• What you need to do: Copy out all of the data word for word. Omit every picture.
++++ Dataset entries ++++
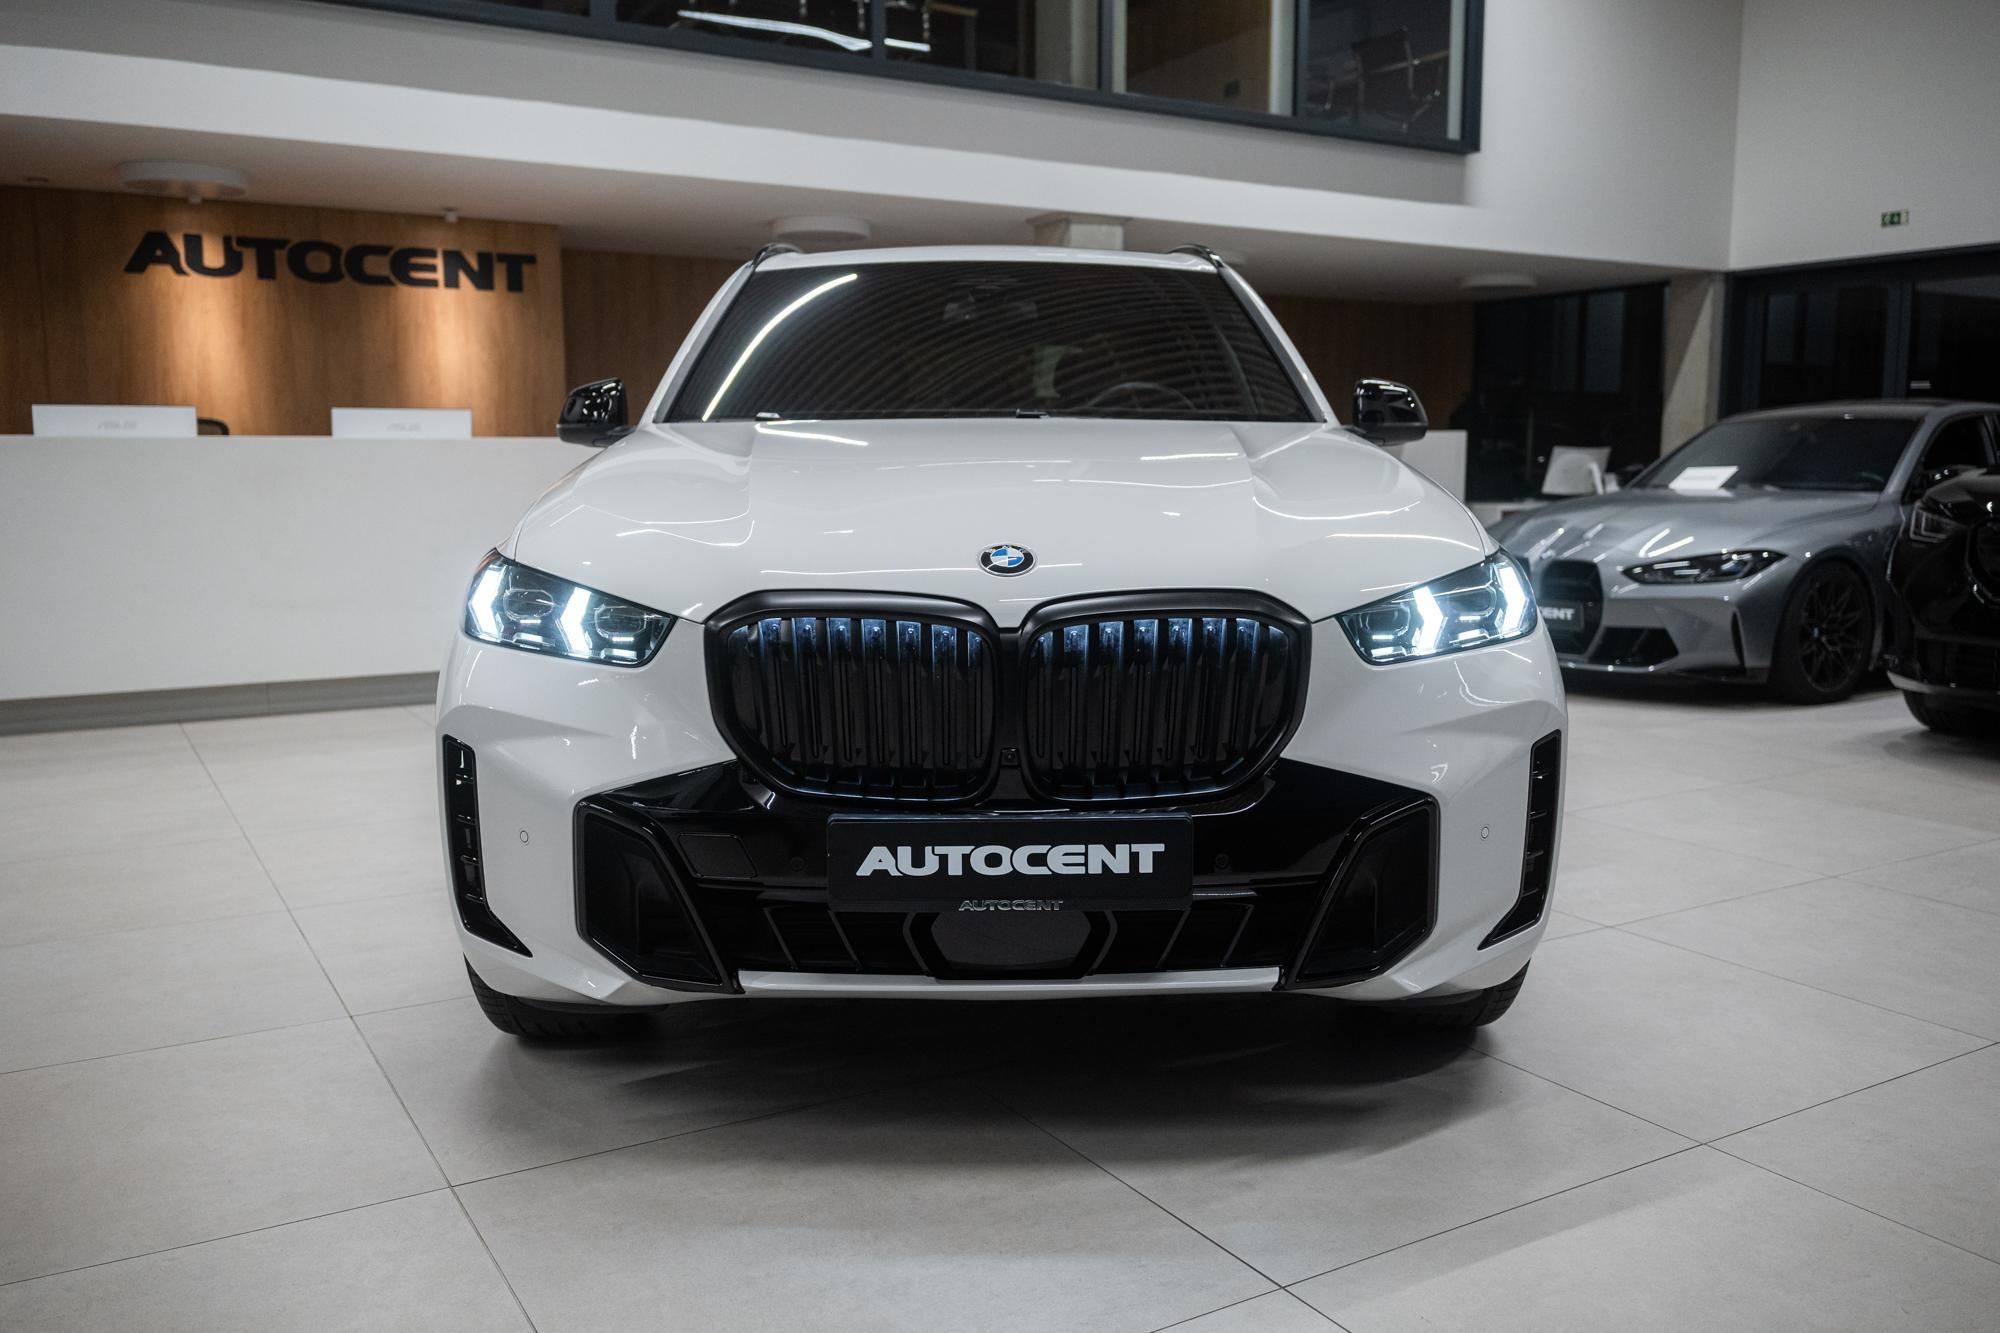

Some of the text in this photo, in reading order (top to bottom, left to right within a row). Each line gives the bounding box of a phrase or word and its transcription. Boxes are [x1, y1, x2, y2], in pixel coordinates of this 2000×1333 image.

[124, 231, 537, 293] AUTOCENT
[1538, 606, 1575, 620] ENT
[856, 843, 1165, 876] AUTOCENT
[958, 899, 1064, 912] AUTOCENT
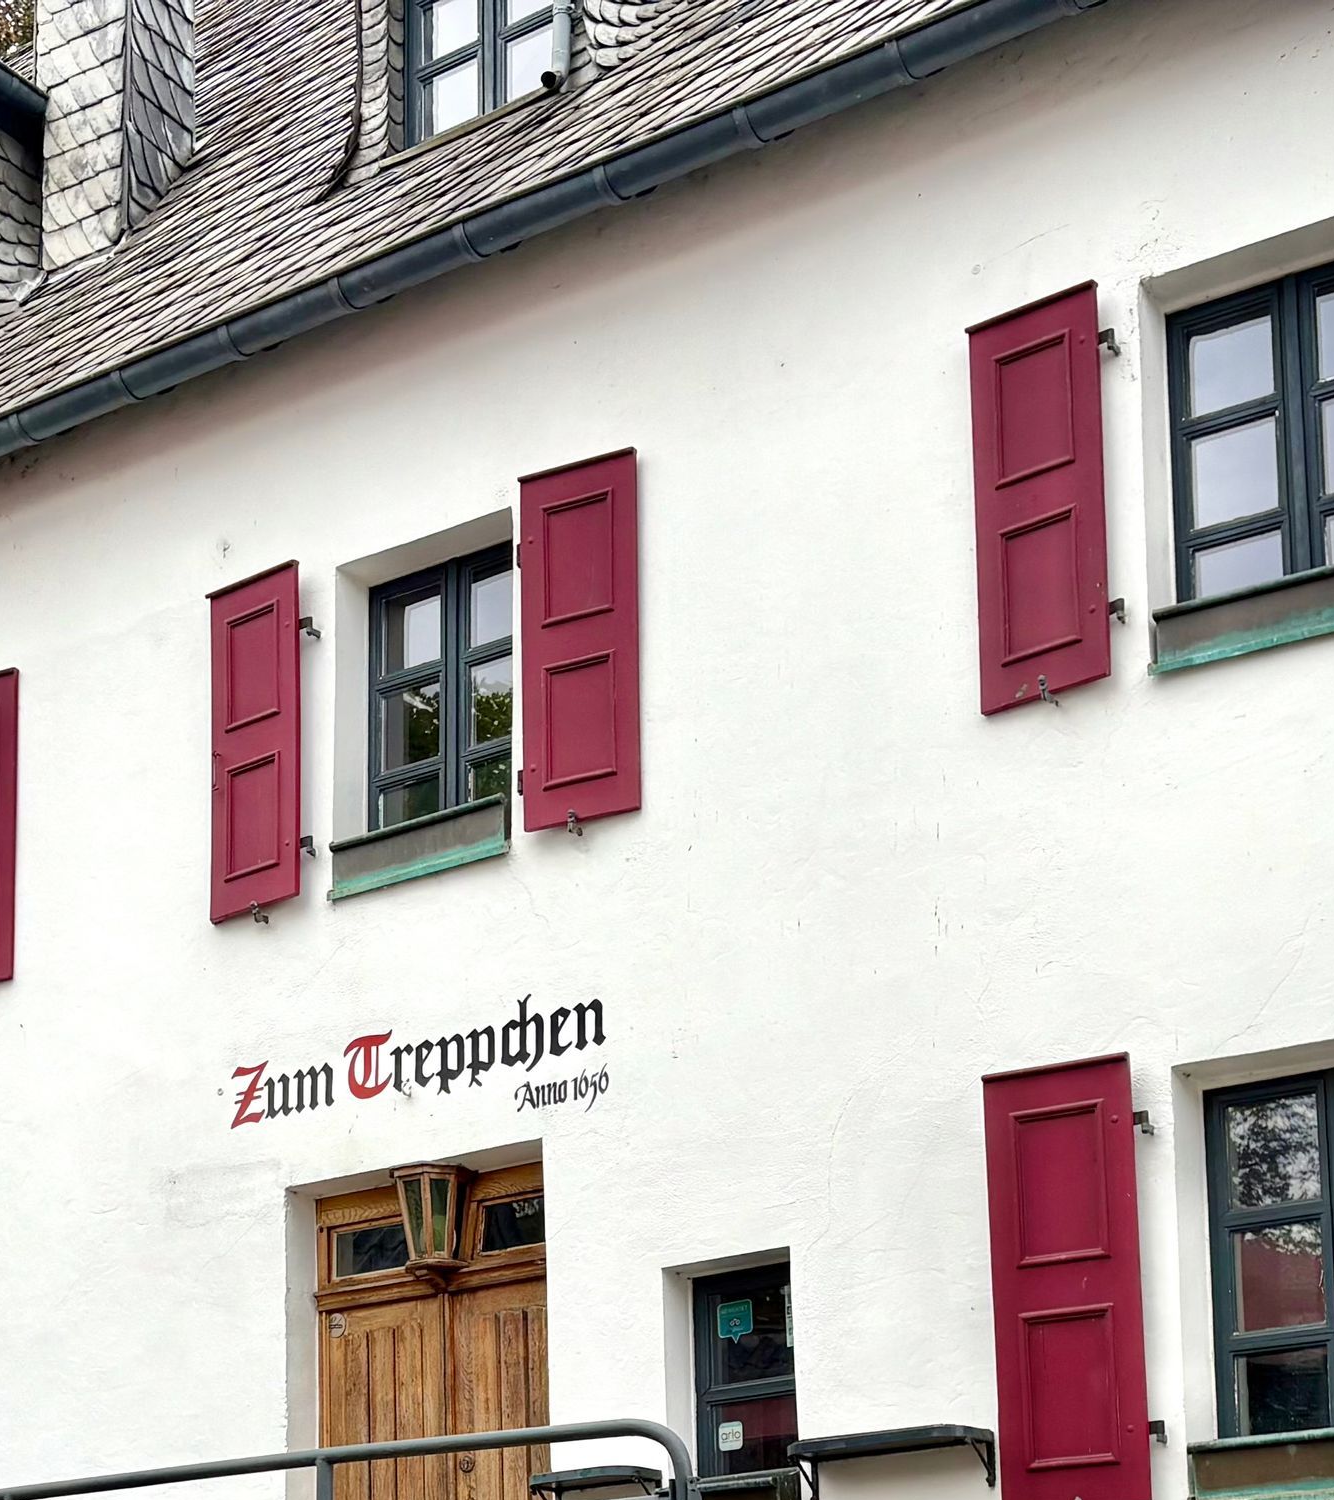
++++
• Output for this task:
Some of the text in this photo, in reading order (top to bottom, left to right within a row). Each line gives the bounding box of a phrase or word and its transcription. Boxes are [x1, y1, x2, y2], in pixel coordinates of this 2000×1333 image.

[124, 231, 537, 293] AUTOCENT
[1538, 606, 1575, 620] ENT
[856, 843, 1165, 876] AUTOCENT
[958, 899, 1064, 912] AUTOCENT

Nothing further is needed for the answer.